Former set of baseball cards

W711-2 was a baseball card set of 35 total unnumbered, black and white cards measuring 2 1/8" × 2 5/8" released in 1940. The complete set was issued by the Cincinnati Reds baseball club, and sold at the ballpark. 29 cards feature a player's portrait photo on the front while name, position and biographical information and five years worth of statistics are on the back.

==Overview==
This set was part of the 711 series, consisting of several collection issued by the Reds from 1939 to 1956. The 711-2 collection is also commonly known as the '1940 Cincinnati Reds Team Issue' instead of Jefferson Burdick's The American Card Catalog reference number. The balance of the 6 cards were reference cards describing the World Series win in 1940 against the Detroit Tigers and an order form in which to get more of these sets from Harry Hartman Publishing Co. in Cincinnati, Ohio.

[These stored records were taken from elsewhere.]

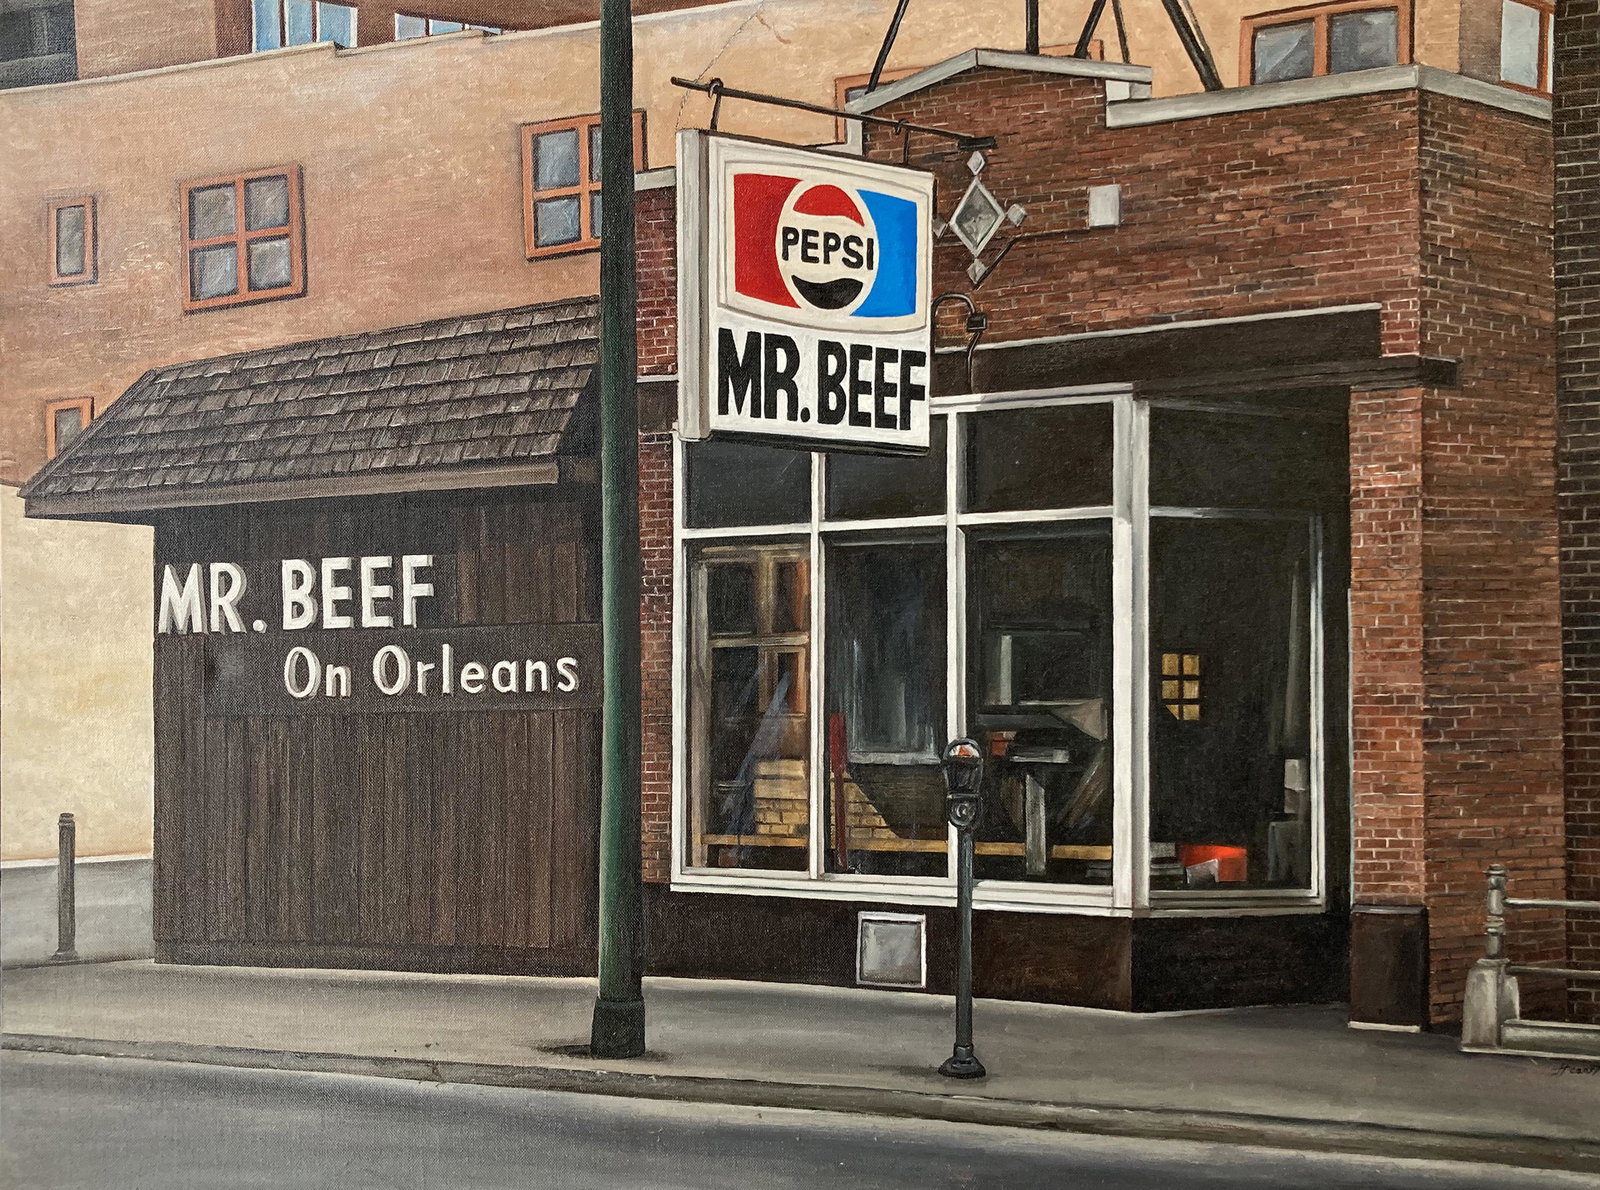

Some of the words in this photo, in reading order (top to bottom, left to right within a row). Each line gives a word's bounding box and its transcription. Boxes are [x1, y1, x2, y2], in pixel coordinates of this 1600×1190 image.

[781, 226, 874, 270] PEPSI
[718, 327, 811, 422] MR.
[817, 339, 927, 431] BEEF
[157, 562, 267, 634] MR.
[282, 554, 433, 630] BEEF
[283, 646, 351, 698] On
[372, 644, 579, 697] Orleans
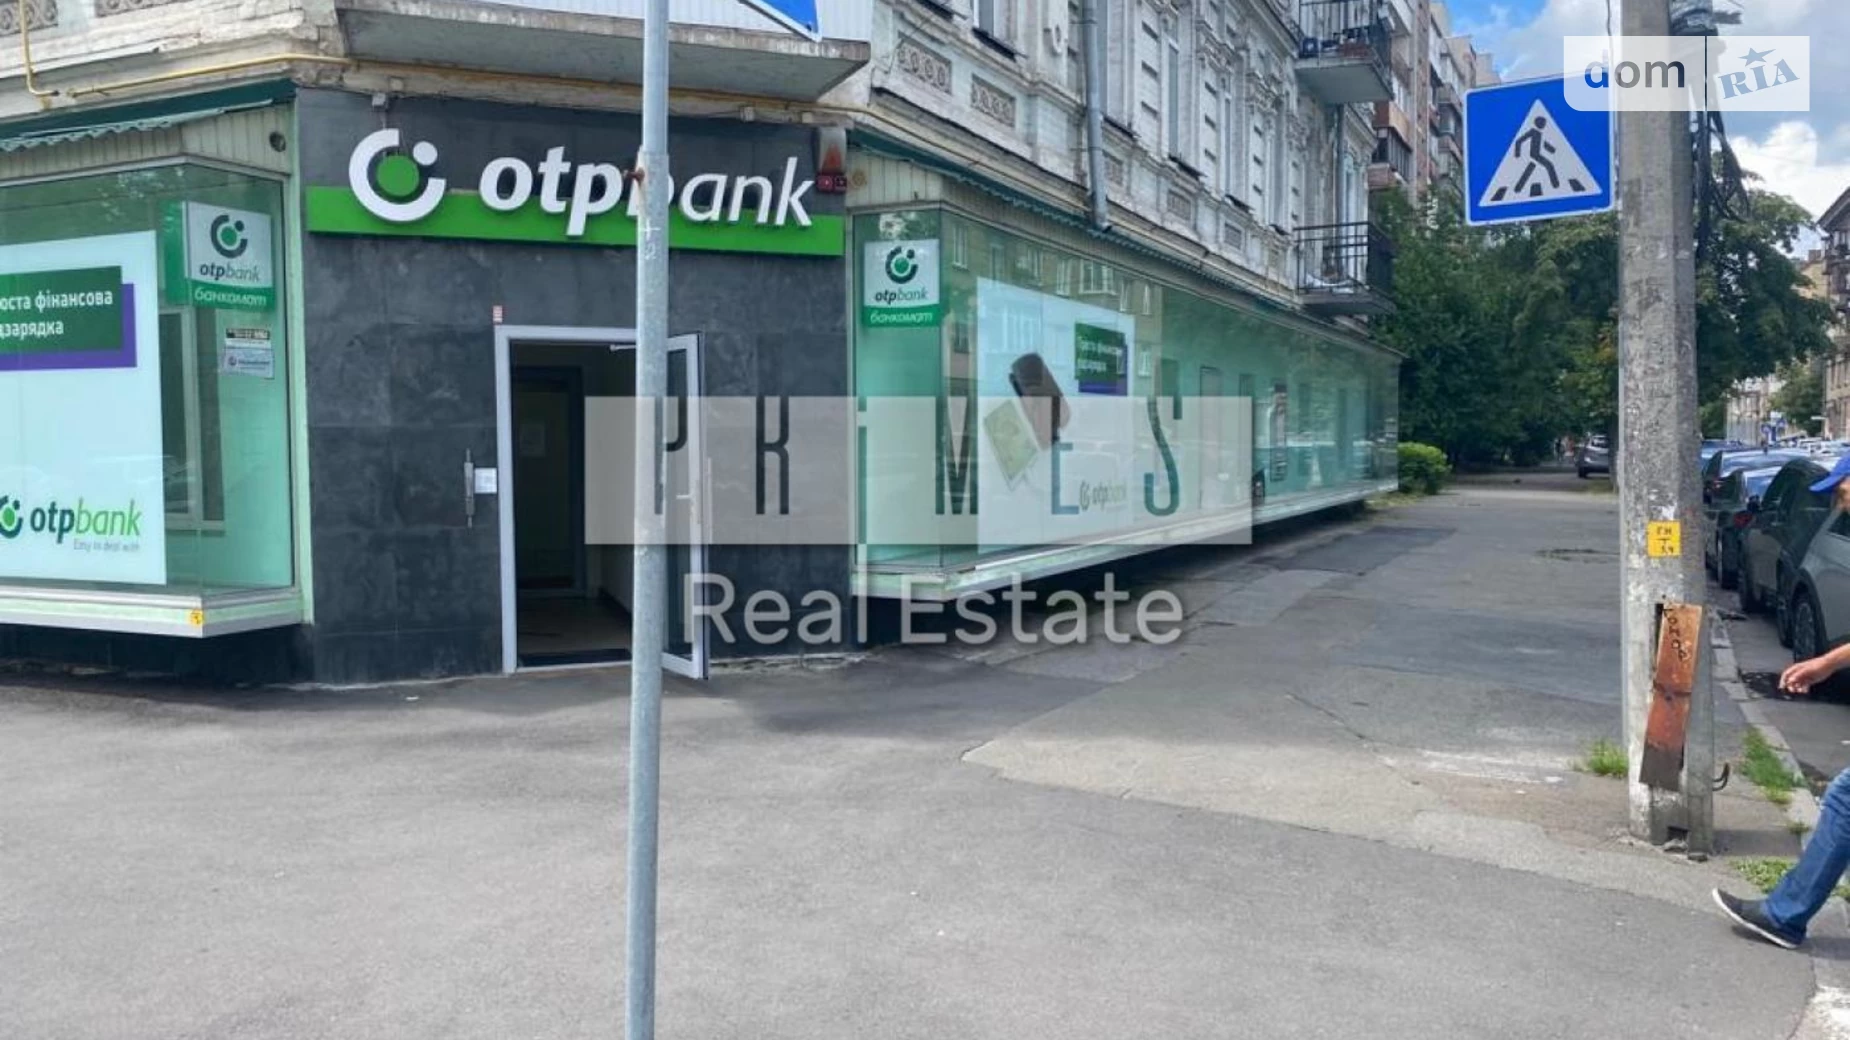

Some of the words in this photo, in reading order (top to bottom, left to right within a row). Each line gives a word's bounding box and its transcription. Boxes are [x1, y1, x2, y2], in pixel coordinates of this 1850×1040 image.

This set had few known baseball stars on the team with the exception of Johnny Vandermeer who still holds the record for two consecutive no-hitter games in 1938, Eddie Joost and Ernie Lombardi. A complete list of players in this set are shown below.

== Player/card list ==

- Morrie Arnovich
- William (Bill) Baker
- Joe Beggs
- Harry Craft
- Paul Derringer
- Lonny Frey
- Ival Goodman
- Harry (Hank) Gowdy
- Witt Guise
- Harry (Socko) Hartman
- Willard Hershberger
- John Hutchings
- Eddie Joost
- Ernie Lombardi
- Frank McCormick
- Myron McCormick
- William Boyd McKechnie
- Lloyd (Whitey) Moore
- William (Bill) Meyers
- Lewis Riggs
- Elmer Riddle
- James A. Ripple
- Milt Shoffner
- Eugene Thompson
- James Turner
- Johnny Vandermeer
- Bucky Walters
- William Werber
- James Wilson
- The Cincinnati Reds
- The Cincinnati Reds World Champions
- Tell the World About the Cincinnati Reds
- Tell the World About the Cincinnati Reds World Champions
- Results 1940 World Series
- Debt of Gratitude to Wm. Koeh Co.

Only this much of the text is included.